## REQUIREMENT:
All lines from the one including "this 1280×1440 image." to the bottom of the entries below should be repeated exactly, both ends kept.

[Data records]
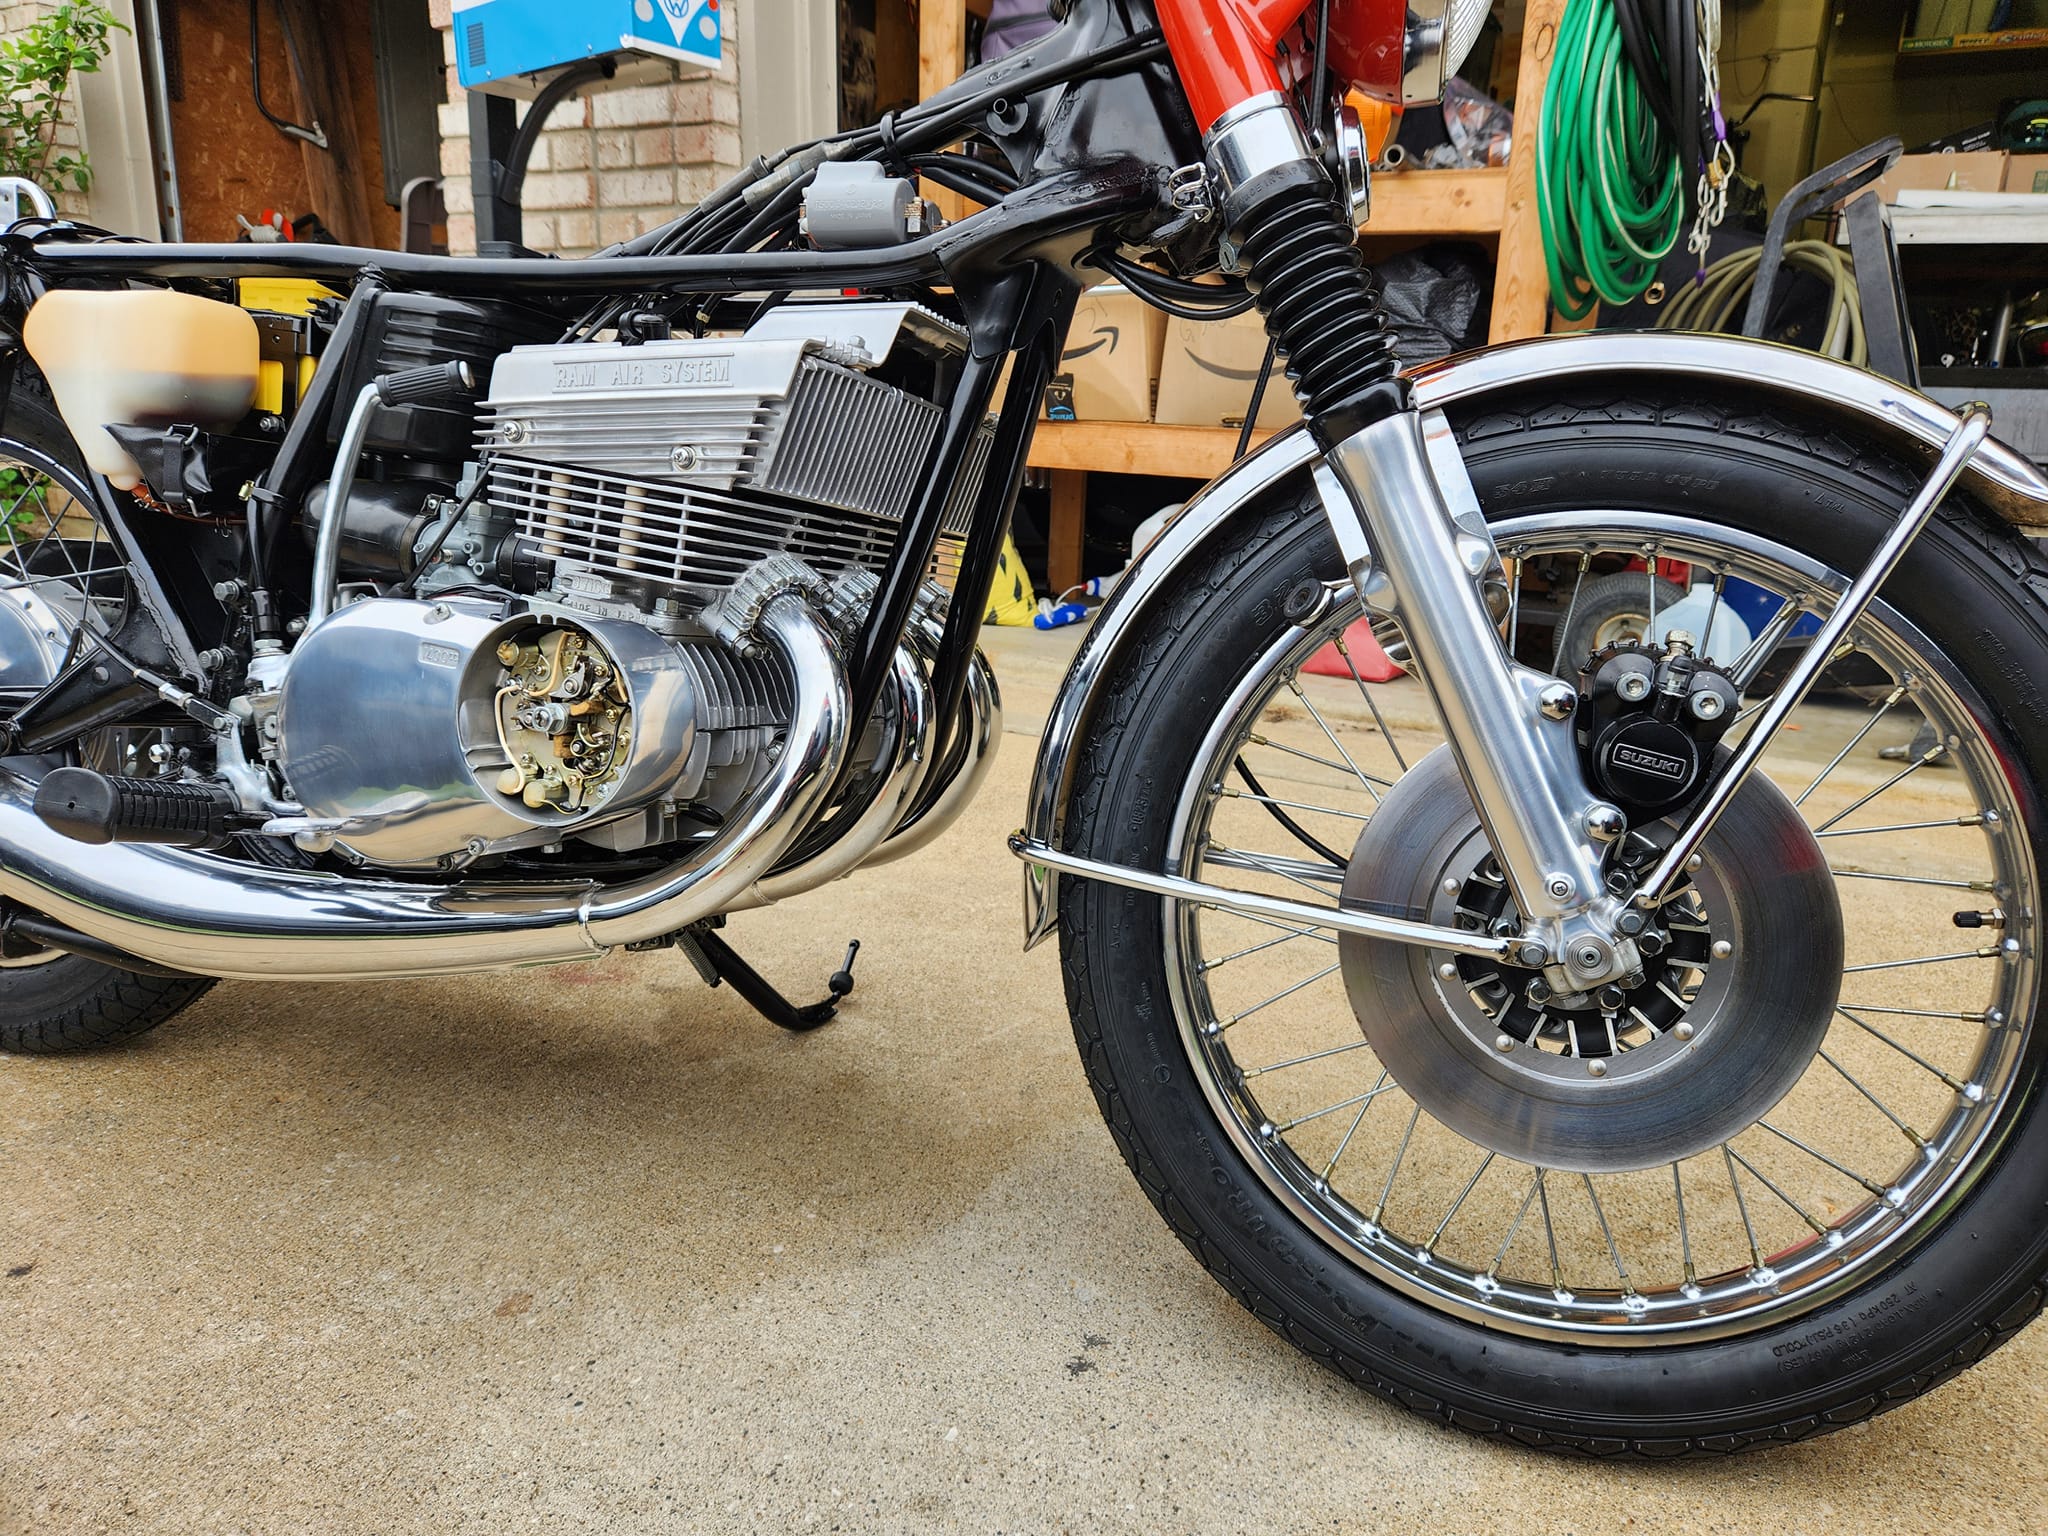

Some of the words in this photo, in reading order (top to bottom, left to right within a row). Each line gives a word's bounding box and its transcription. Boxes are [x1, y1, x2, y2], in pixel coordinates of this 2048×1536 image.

[555, 364, 596, 388] RAM
[610, 362, 643, 385] AIR
[662, 359, 730, 384] SYSTEM
[1620, 750, 1680, 773] SUZUKI
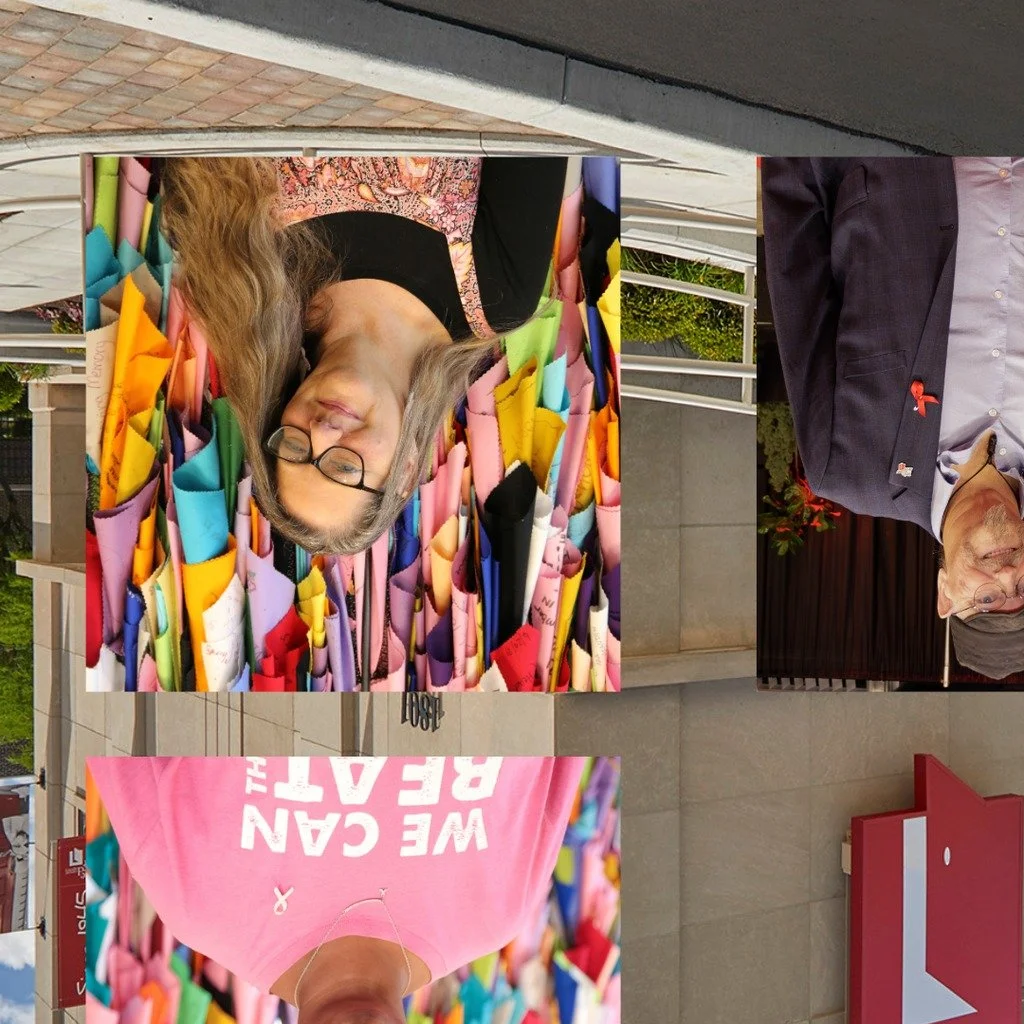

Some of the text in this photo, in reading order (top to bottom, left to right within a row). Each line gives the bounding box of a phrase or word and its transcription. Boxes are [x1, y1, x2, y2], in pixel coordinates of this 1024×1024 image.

[401, 692, 441, 732] 1801
[240, 804, 488, 858] WE CAN
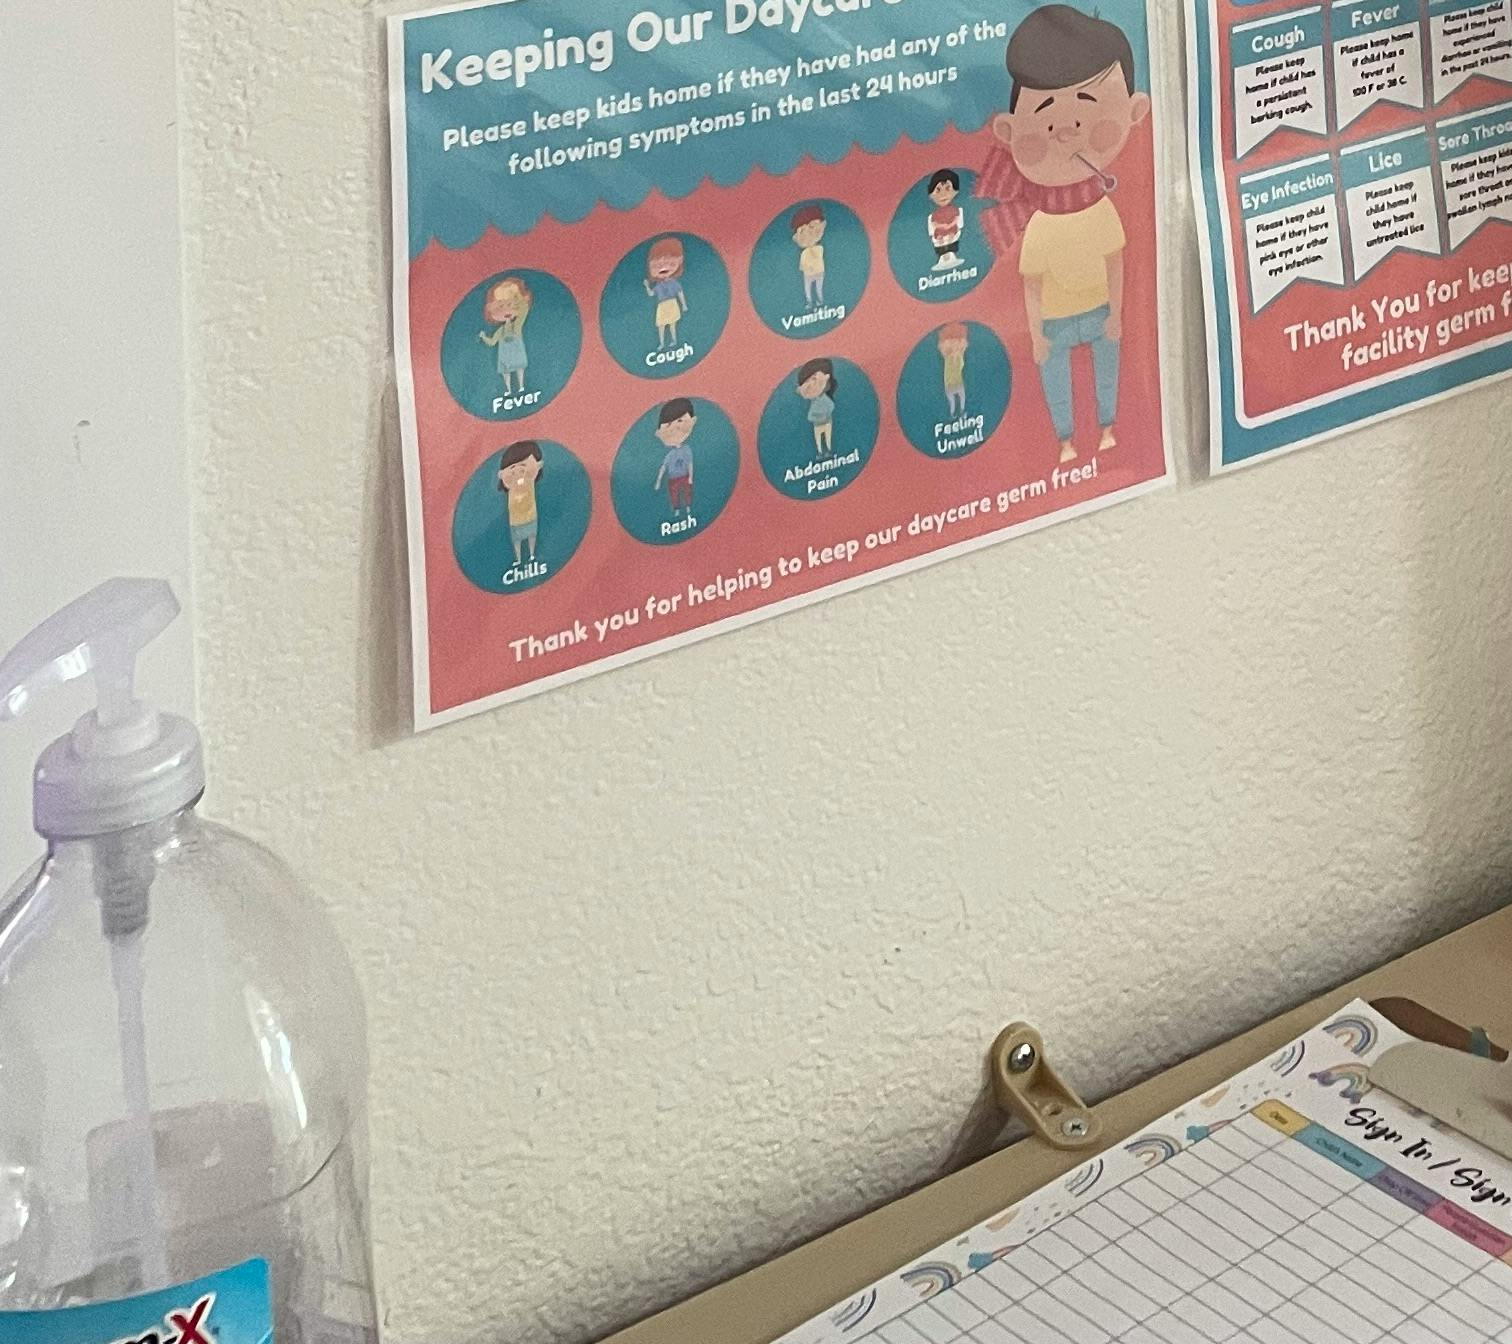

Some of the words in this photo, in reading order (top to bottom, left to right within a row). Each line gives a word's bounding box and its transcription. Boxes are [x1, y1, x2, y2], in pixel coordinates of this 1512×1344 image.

[1351, 5, 1399, 28] Fever
[421, 28, 614, 93] Keeping
[628, 11, 712, 51] Our
[1252, 25, 1305, 53] Cough
[1341, 43, 1368, 55] Please
[1256, 64, 1283, 77] Please
[443, 121, 526, 151] Please
[533, 106, 590, 133] keep
[597, 92, 642, 119] kids
[649, 81, 711, 108] home
[717, 71, 734, 94] if
[740, 64, 791, 89] they
[797, 53, 851, 78] have
[856, 40, 896, 66] had
[902, 34, 940, 59] any
[946, 23, 968, 46] of
[974, 20, 1006, 41] the
[508, 138, 622, 174] following
[629, 110, 745, 152] symptoms
[752, 102, 771, 123] in
[777, 89, 813, 116] the
[820, 84, 860, 108] last
[866, 76, 893, 98] 24
[899, 66, 958, 90] hours
[1439, 133, 1469, 151] Sore
[1369, 152, 1402, 172] Lice
[1242, 192, 1269, 210] Eye
[1272, 173, 1333, 200] Infection
[918, 266, 978, 292] Diarrhea
[781, 303, 846, 331] Vomiting
[1284, 304, 1366, 352] Thank
[1371, 292, 1419, 323] You
[1425, 275, 1462, 307] for
[1341, 326, 1429, 370] facility
[1436, 302, 1495, 346] germ
[645, 344, 694, 366] Cough
[492, 389, 542, 413] Fever
[934, 413, 984, 439] Feeling
[937, 429, 984, 453] Unwell
[784, 449, 860, 482] Abdominal
[807, 474, 839, 494] Pain
[661, 515, 697, 536] Rash
[509, 620, 588, 662] Thank
[594, 607, 639, 642] you
[645, 594, 682, 619] for
[688, 568, 772, 606] helping
[778, 556, 802, 576] to
[808, 540, 859, 568] keep
[865, 525, 901, 549] our
[908, 496, 991, 536] daycare
[997, 478, 1046, 512] germ
[1052, 456, 1098, 490] free!
[502, 561, 547, 585] Chills
[1344, 1106, 1402, 1143] Sign
[1400, 1137, 1432, 1160] In
[1450, 1168, 1512, 1206] Sign
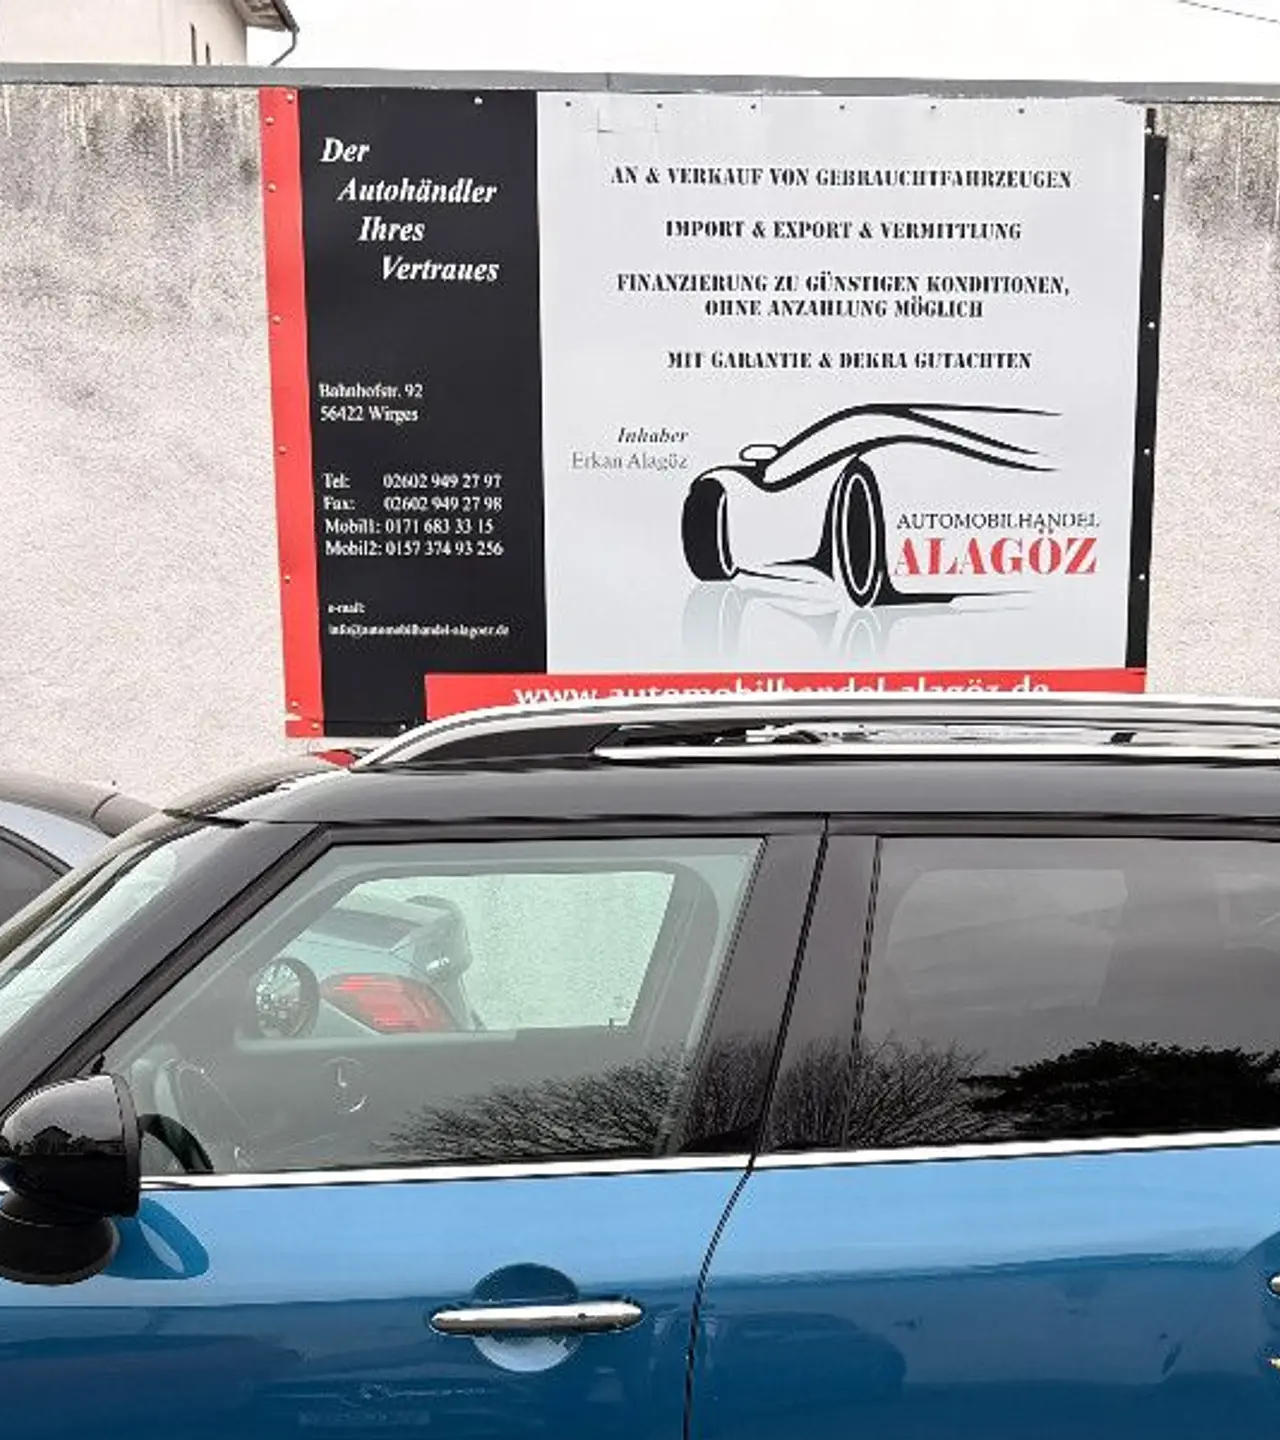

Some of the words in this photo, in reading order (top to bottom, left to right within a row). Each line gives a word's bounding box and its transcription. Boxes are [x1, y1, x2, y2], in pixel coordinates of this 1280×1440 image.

[320, 137, 370, 162] Der
[611, 166, 638, 184] AN
[645, 167, 660, 184] &
[667, 167, 764, 186] VERKAUF
[770, 168, 810, 186] VON
[816, 168, 1072, 188] GEBRAUCHTFAHRZEUGEN
[337, 176, 498, 203] Autohändler
[357, 216, 426, 241] Ihres
[665, 220, 745, 237] IMPORT
[752, 221, 766, 239] &
[773, 221, 853, 239] EXPORT
[858, 222, 873, 239] &
[880, 222, 1022, 240] VERMITTLUNG
[381, 255, 500, 281] Vertraues
[617, 273, 767, 292] FINANZIERUNG
[774, 275, 798, 292] ZU
[805, 271, 920, 293] GÜNSTIGEN
[927, 275, 1070, 296] KONDITIONEN,
[705, 299, 761, 316] OHNE
[767, 299, 887, 317] ANZAHLUNG
[894, 295, 983, 318] MÖGLICH
[667, 352, 702, 368] MIT
[711, 352, 812, 369] GARANTIE
[818, 352, 832, 369] &
[839, 352, 908, 369] DEKRA
[914, 352, 1032, 369] GUTACHTEN
[319, 382, 401, 398] Bahnhofstr.
[404, 383, 423, 398] 92
[320, 405, 364, 421] 56422
[368, 405, 419, 425] Wirges
[618, 427, 689, 443] Inhaber
[572, 452, 622, 469] Erkan
[627, 453, 688, 471] Alagöz
[323, 473, 351, 489] Tel:
[383, 473, 428, 489] 02602
[431, 473, 458, 489] 949
[462, 473, 480, 489] 27
[483, 473, 502, 489] 97
[323, 496, 355, 511] Fax:
[383, 496, 428, 511] 02602
[431, 496, 458, 511] 949
[462, 496, 480, 512] 27
[483, 496, 502, 511] 98
[385, 518, 419, 534] 0171
[424, 518, 450, 534] 683
[455, 518, 472, 534] 33
[478, 518, 493, 534] 15
[897, 513, 1100, 529] AUTOMOBILHANDEL
[325, 540, 382, 556] Mobil2:
[385, 540, 420, 556] 0157
[424, 540, 452, 556] 374
[455, 540, 473, 556] 93
[477, 540, 504, 556] 256
[894, 527, 1097, 575] ALAGÖZ

## SOLUTION TO THIS TASK:
Some of the words in this photo, in reading order (top to bottom, left to right within a row). Each line gives a word's bounding box and its transcription. Boxes are [x1, y1, x2, y2], in pixel coordinates of this 1280×1440 image.

[320, 137, 370, 162] Der
[611, 166, 638, 184] AN
[645, 167, 660, 184] &
[667, 167, 764, 186] VERKAUF
[770, 168, 810, 186] VON
[816, 168, 1072, 188] GEBRAUCHTFAHRZEUGEN
[337, 176, 498, 203] Autohändler
[357, 216, 426, 241] Ihres
[665, 220, 745, 237] IMPORT
[752, 221, 766, 239] &
[773, 221, 853, 239] EXPORT
[858, 222, 873, 239] &
[880, 222, 1022, 240] VERMITTLUNG
[381, 255, 500, 281] Vertraues
[617, 273, 767, 292] FINANZIERUNG
[774, 275, 798, 292] ZU
[805, 271, 920, 293] GÜNSTIGEN
[927, 275, 1070, 296] KONDITIONEN,
[705, 299, 761, 316] OHNE
[767, 299, 887, 317] ANZAHLUNG
[894, 295, 983, 318] MÖGLICH
[667, 352, 702, 368] MIT
[711, 352, 812, 369] GARANTIE
[818, 352, 832, 369] &
[839, 352, 908, 369] DEKRA
[914, 352, 1032, 369] GUTACHTEN
[319, 382, 401, 398] Bahnhofstr.
[404, 383, 423, 398] 92
[320, 405, 364, 421] 56422
[368, 405, 419, 425] Wirges
[618, 427, 689, 443] Inhaber
[572, 452, 622, 469] Erkan
[627, 453, 688, 471] Alagöz
[323, 473, 351, 489] Tel:
[383, 473, 428, 489] 02602
[431, 473, 458, 489] 949
[462, 473, 480, 489] 27
[483, 473, 502, 489] 97
[323, 496, 355, 511] Fax:
[383, 496, 428, 511] 02602
[431, 496, 458, 511] 949
[462, 496, 480, 512] 27
[483, 496, 502, 511] 98
[385, 518, 419, 534] 0171
[424, 518, 450, 534] 683
[455, 518, 472, 534] 33
[478, 518, 493, 534] 15
[897, 513, 1100, 529] AUTOMOBILHANDEL
[325, 540, 382, 556] Mobil2:
[385, 540, 420, 556] 0157
[424, 540, 452, 556] 374
[455, 540, 473, 556] 93
[477, 540, 504, 556] 256
[894, 527, 1097, 575] ALAGÖZ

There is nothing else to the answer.